L’amministratore aveva il senso dell’umorismo di un paracarro.


----------



## CIRCE74 (Mercoledì alle 23:18)

Brunetta ha detto:


> Basta privare qualcuno della mia persona per condannarlo all’inferno
> 
> 
> Si capisce che scherzo.
> ...


Veramente???


----------



## Brunetta (Mercoledì alle 23:22)

CIRCE74 ha detto:


> Veramente???


Veramente.
Io mi sono fatta i fatti miei.
Gli altri utenti hanno chiesto che venissi perdonata (di che? )
Allora l’amministratore ha fatto un sondaggio: a) farmi rientrare b) annullare il ban (non uguale, ma più o meno).
Ovviamente qualsiasi fosse la risposta era a mio favore.
Bannati tutti 
@Nocciola può confermare.


----------



## CIRCE74 (Mercoledì alle 23:24)

Brunetta ha detto:


> Veramente.
> Io mi sono fatta i fatti miei.
> Gli altri utenti hanno chiesto che venissi perdonata (di che? )
> Allora l’amministratore ha fatto un sondaggio: a) farmi rientrare b) annullare il ban (non uguale, ma più o meno).
> ...


Che spettacolo!!!!...non stiamo parlando di @perplesso ... giusto?


----------



## Brunetta (Mercoledì alle 23:25)

CIRCE74 ha detto:


> Che spettacolo!!!!...non stiamo parlando di @perplesso ... giusto?


No.

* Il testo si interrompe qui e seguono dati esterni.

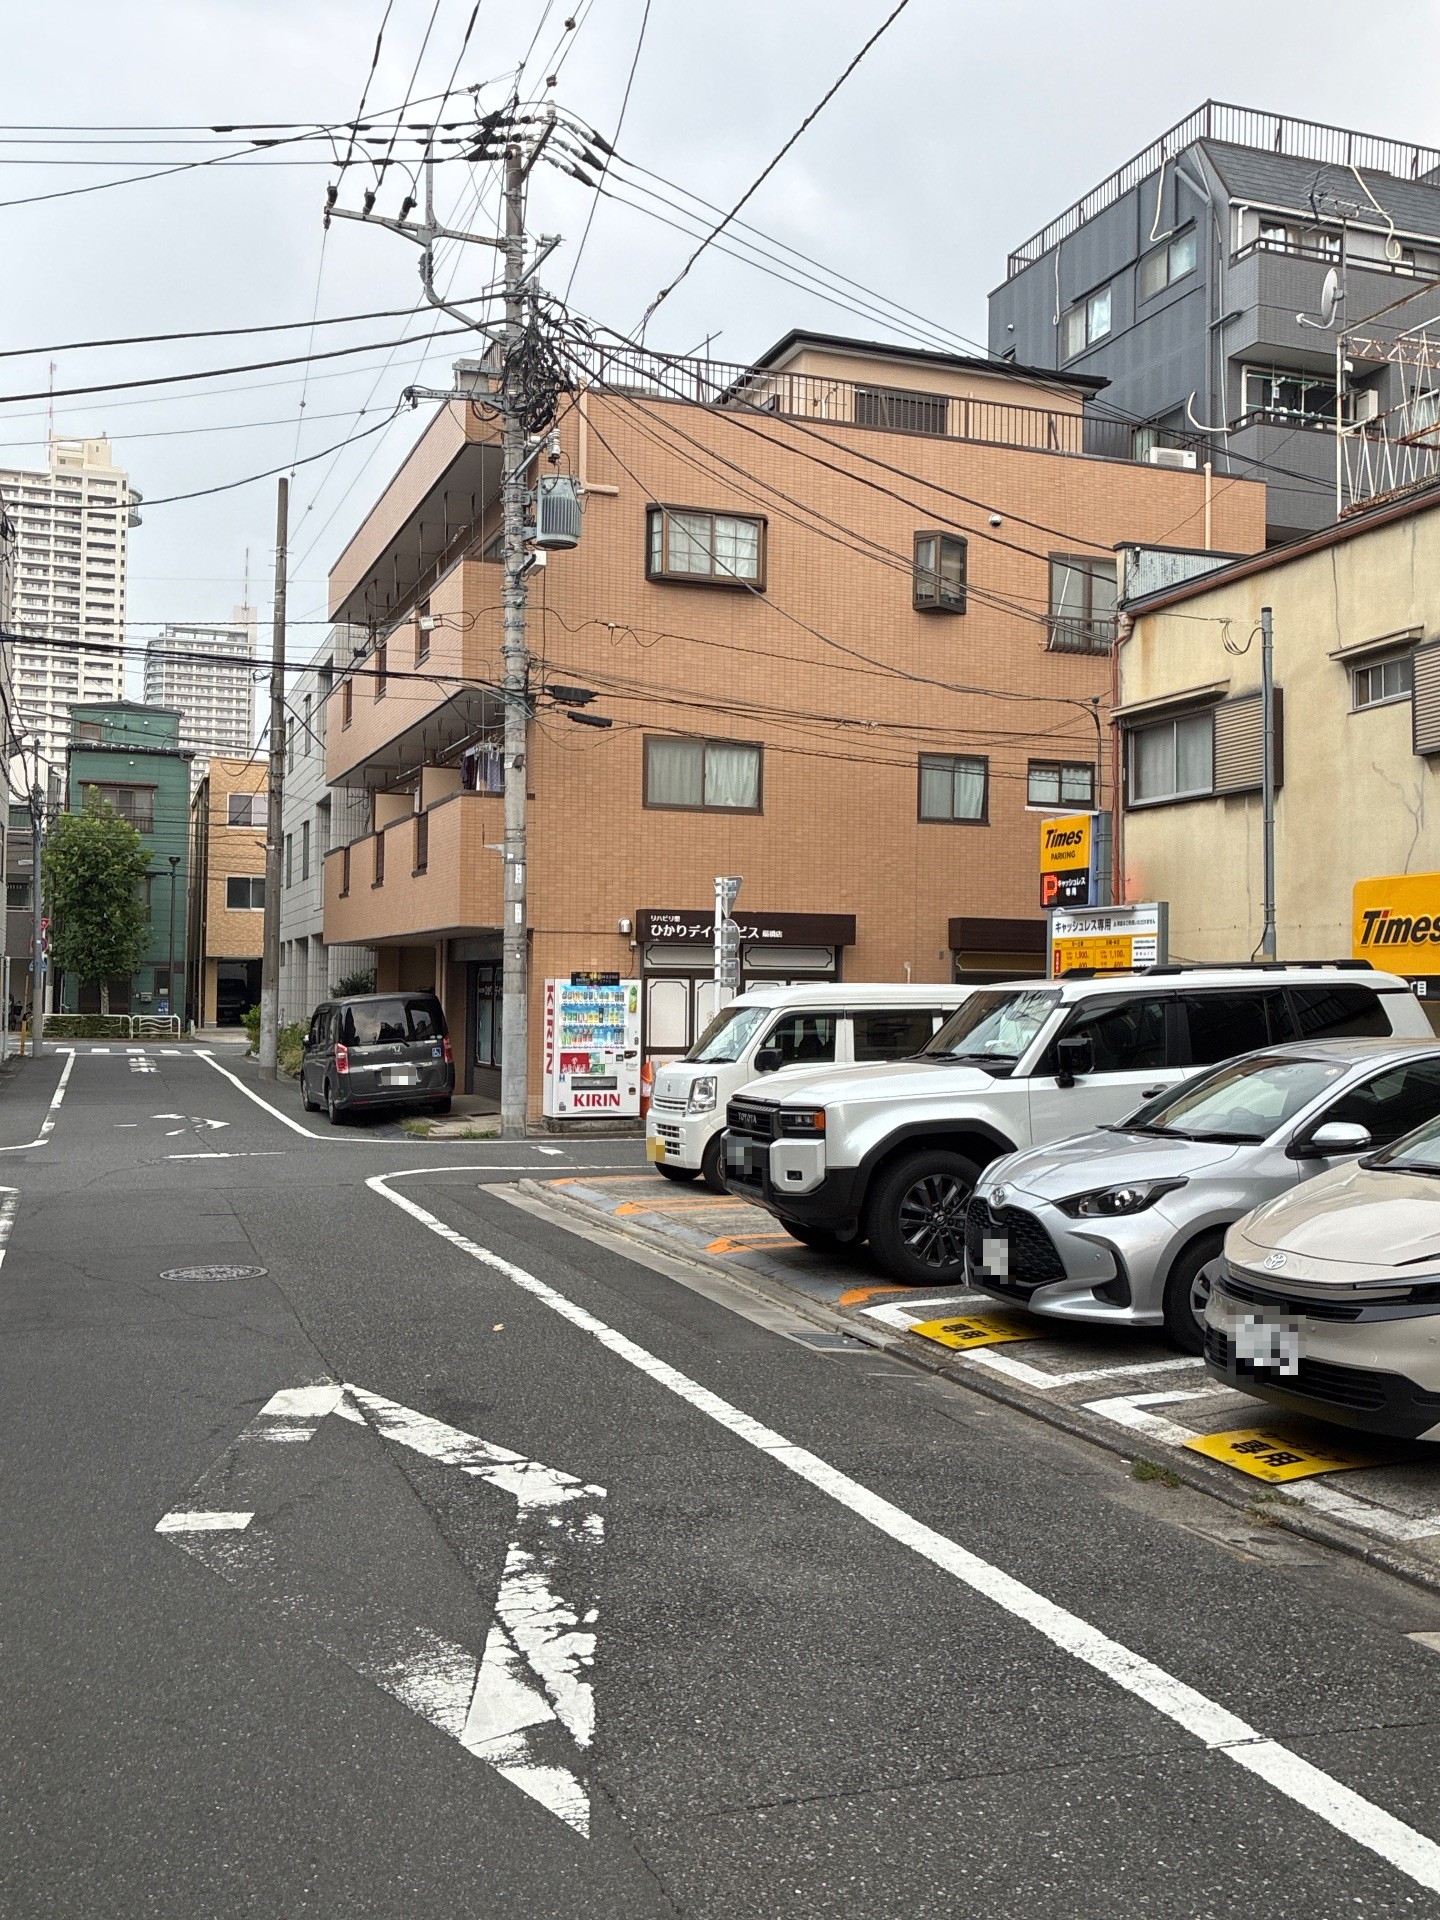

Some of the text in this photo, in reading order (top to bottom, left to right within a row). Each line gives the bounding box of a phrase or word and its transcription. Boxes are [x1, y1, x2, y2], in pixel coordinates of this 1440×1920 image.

Un altro. 
@perplesso  è strano forte, ma non come il precedente. Il precedente ancora se ne andato dicendo che sarebbe andato in carcere


----------



## Pincopallino (Mercoledì alle 23:25)

Brunetta ha detto:


> È già buono che non mi abbia chiamata Brunetto, viste le confusioni sul genere.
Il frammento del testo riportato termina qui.